The representative of Mwatana Organization for Human Rights (Yemen) said the group was established in 2007 and its work increased after the conflict began in Yemen in 2014.  It documents human rights abuses and violations by the warring parties.  It works with the United Nations Children’s Fund (UNICEF), the European Union and Open Society Foundation, and was nominated for the Nobel Peace Prize.

The representative of Bahrain requested details of several projects it conducts with international organizations, pointing out that its 2019 financial statement could have been submitted ahead of its 2020 financial statement.

The Committee then postponed action on this application.

The representative of Rotarian Action Group Addiction Prevention (Belgium) said its goal is to engage the private sector in local addiction prevention programmes.  Its activities are aimed at protecting children and youth from alcoholism and drug addiction.

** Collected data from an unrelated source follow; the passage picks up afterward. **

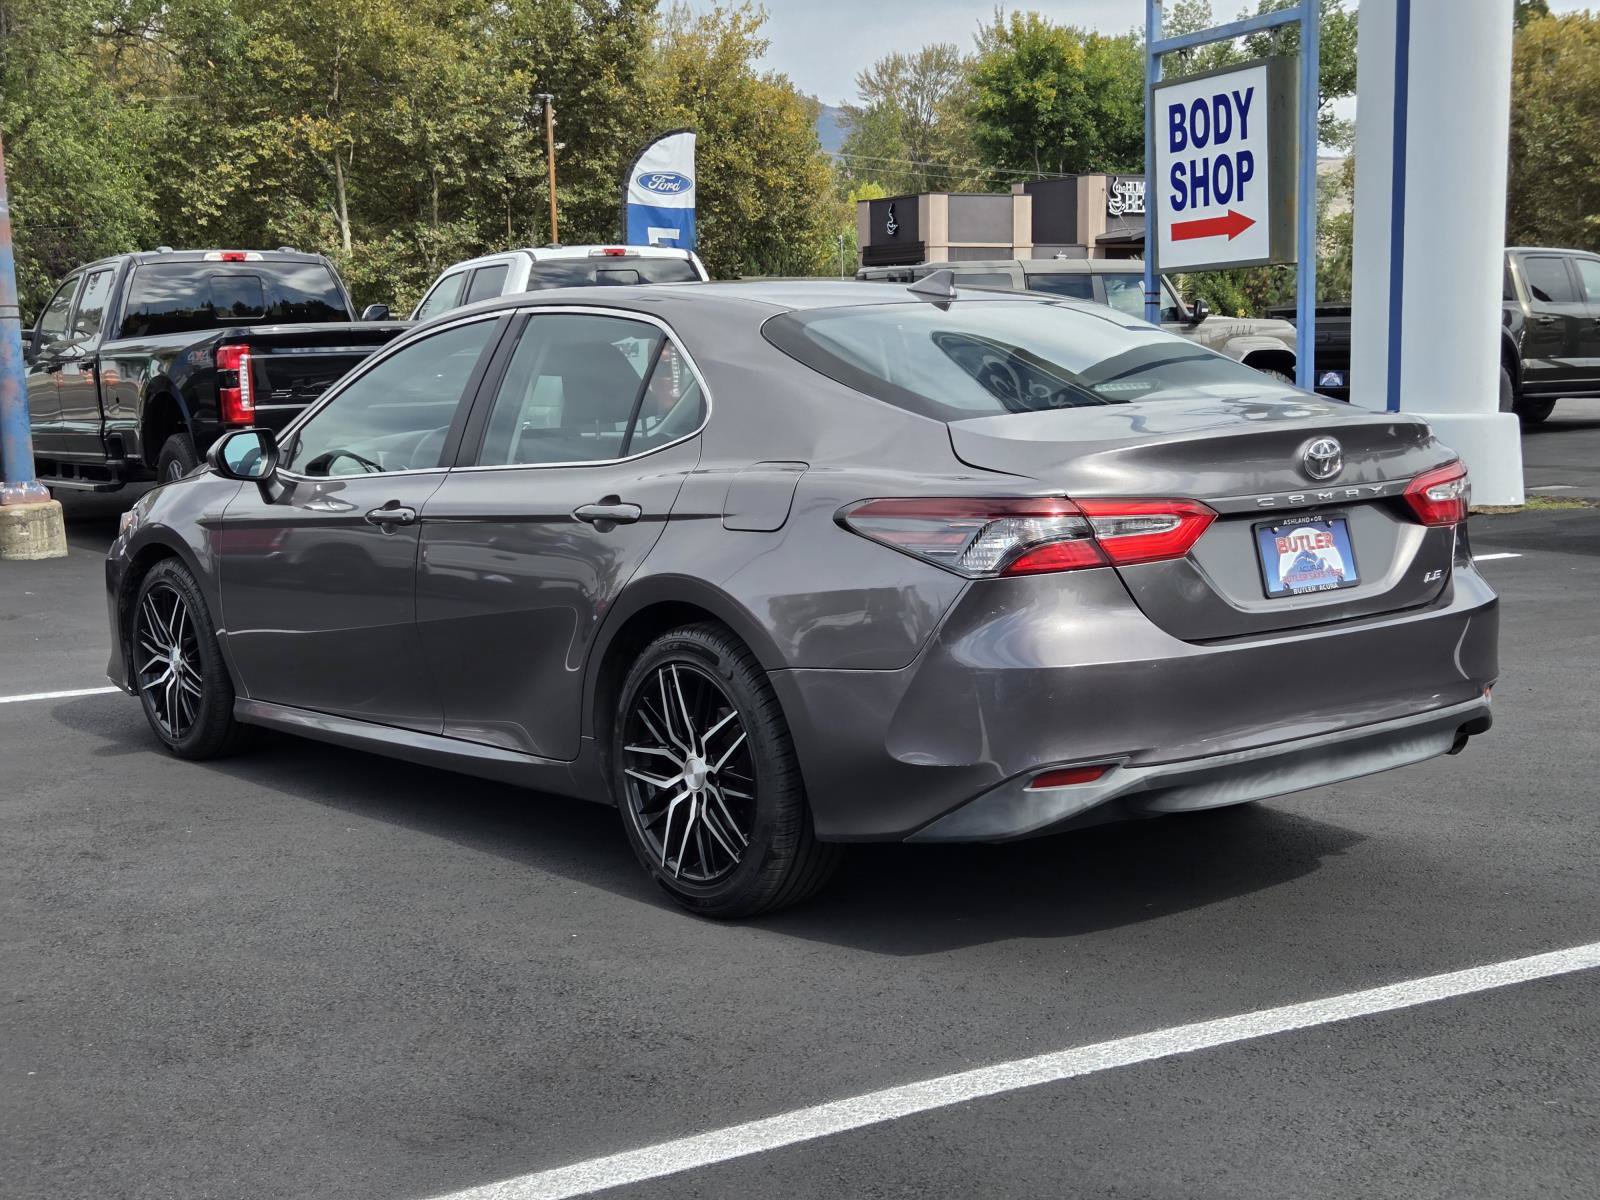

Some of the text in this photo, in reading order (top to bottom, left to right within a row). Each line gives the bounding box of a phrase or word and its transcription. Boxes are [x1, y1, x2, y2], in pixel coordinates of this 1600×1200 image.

[1168, 87, 1254, 153] BODY
[648, 174, 681, 192] Ford
[1170, 150, 1254, 212] SHOP
[1257, 485, 1384, 507] CAMRY
[1283, 516, 1310, 526] ASHLAND
[1275, 531, 1333, 554] BUTLER
[1424, 569, 1442, 583] LE
[1293, 582, 1339, 595] BUTLER ACURA
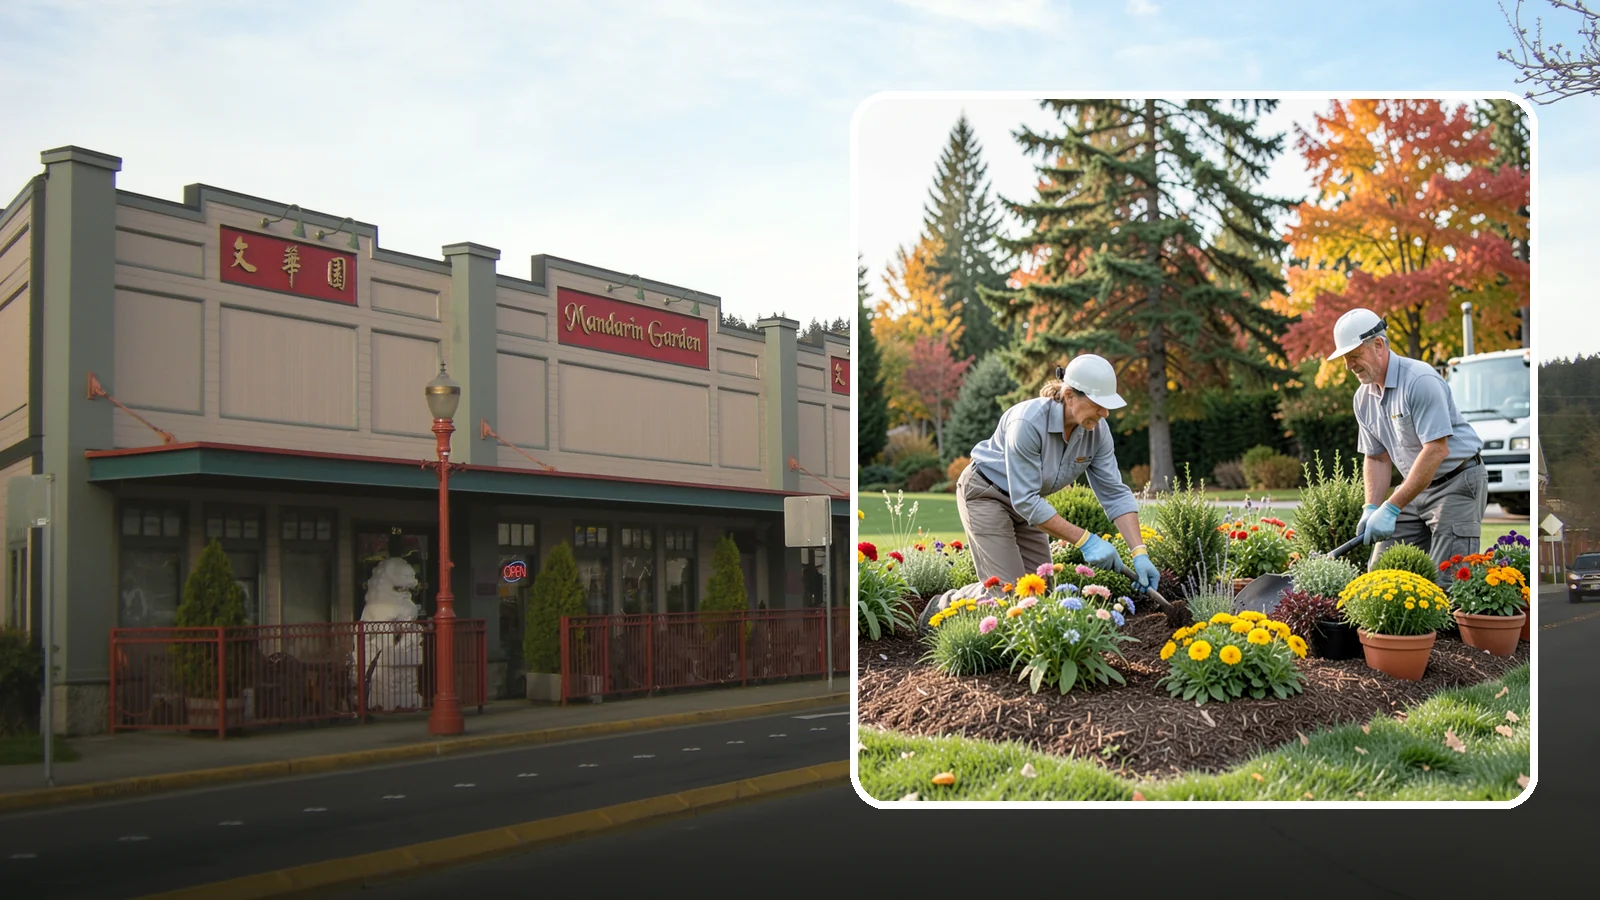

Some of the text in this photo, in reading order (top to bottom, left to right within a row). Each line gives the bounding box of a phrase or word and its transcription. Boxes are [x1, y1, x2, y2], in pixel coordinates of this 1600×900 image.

[231, 235, 346, 291] 文華園
[564, 302, 701, 352] Mandarin Garden
[503, 565, 527, 578] OPEN
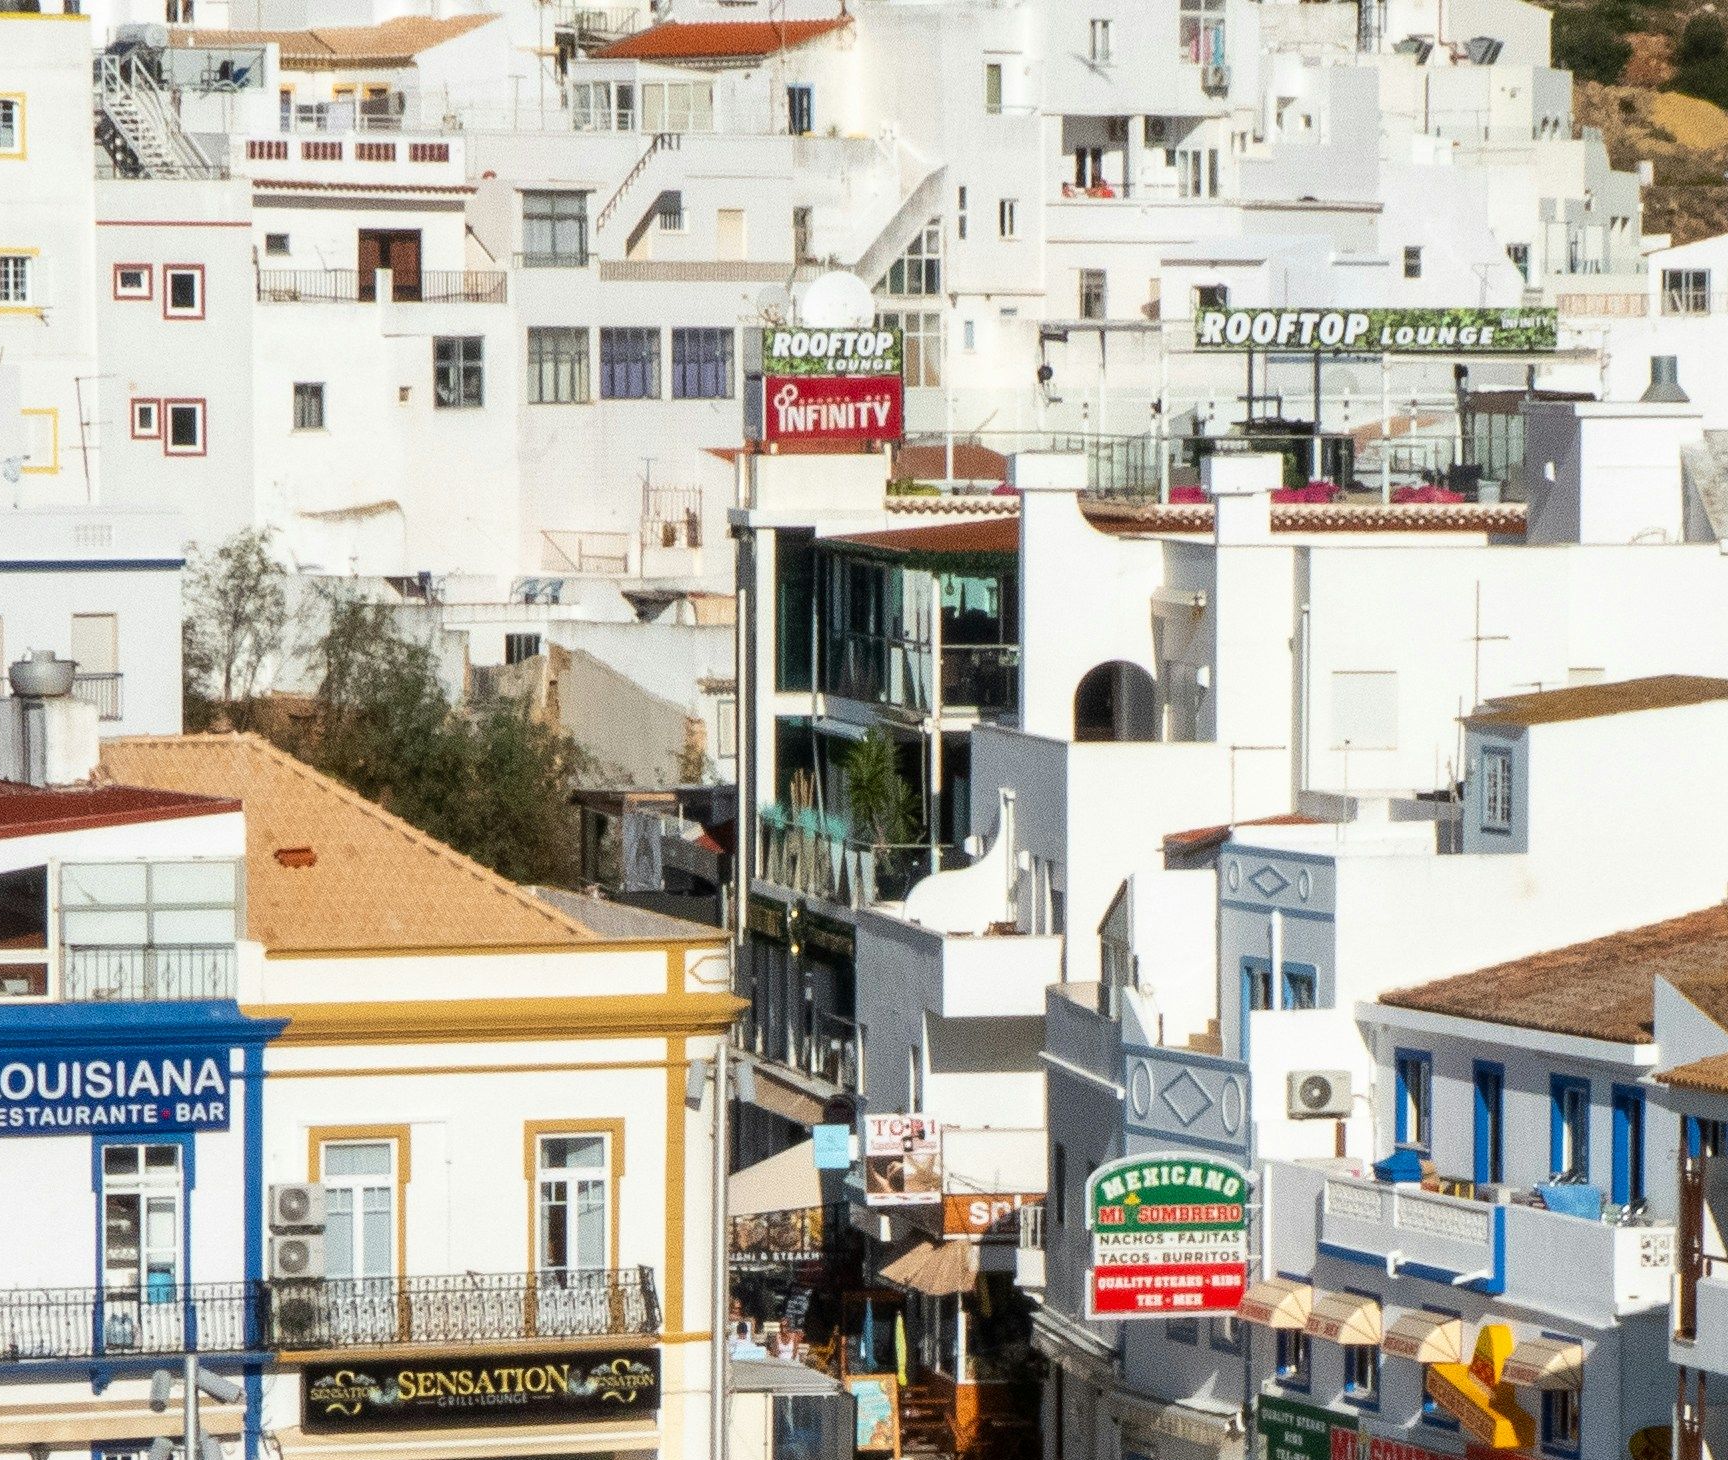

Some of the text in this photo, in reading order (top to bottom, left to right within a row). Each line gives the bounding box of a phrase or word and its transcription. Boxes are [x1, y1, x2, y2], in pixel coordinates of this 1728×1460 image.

The Committee then granted special consultative status to the group.

The representative of Intl. WeLoveU Foundation (Republic of Korea) said that her group’s mission is to spread motherly love.  It carries out humanitarian work around the world to address the pressing needs of communities, in partnership with many other organizations.

The Secretariat then read out a question asked by the Committee regarding its activities in Ukraine.

The NGO’s representative said her organization partnered with Kiev City Center in an anti-terrorist operation to aid veterans of the Ukraine war.

The representative of the Russian Federation asked for details on the cost of that project, the list of partners, and whether the project was initiated by the group or the partner.

The NGO’s representative said she was not privy to the background of that project.

The Committee postponed action on this group’s application, as the representative of the Russian Federation requested answers in writing.

For information media. Not an official record.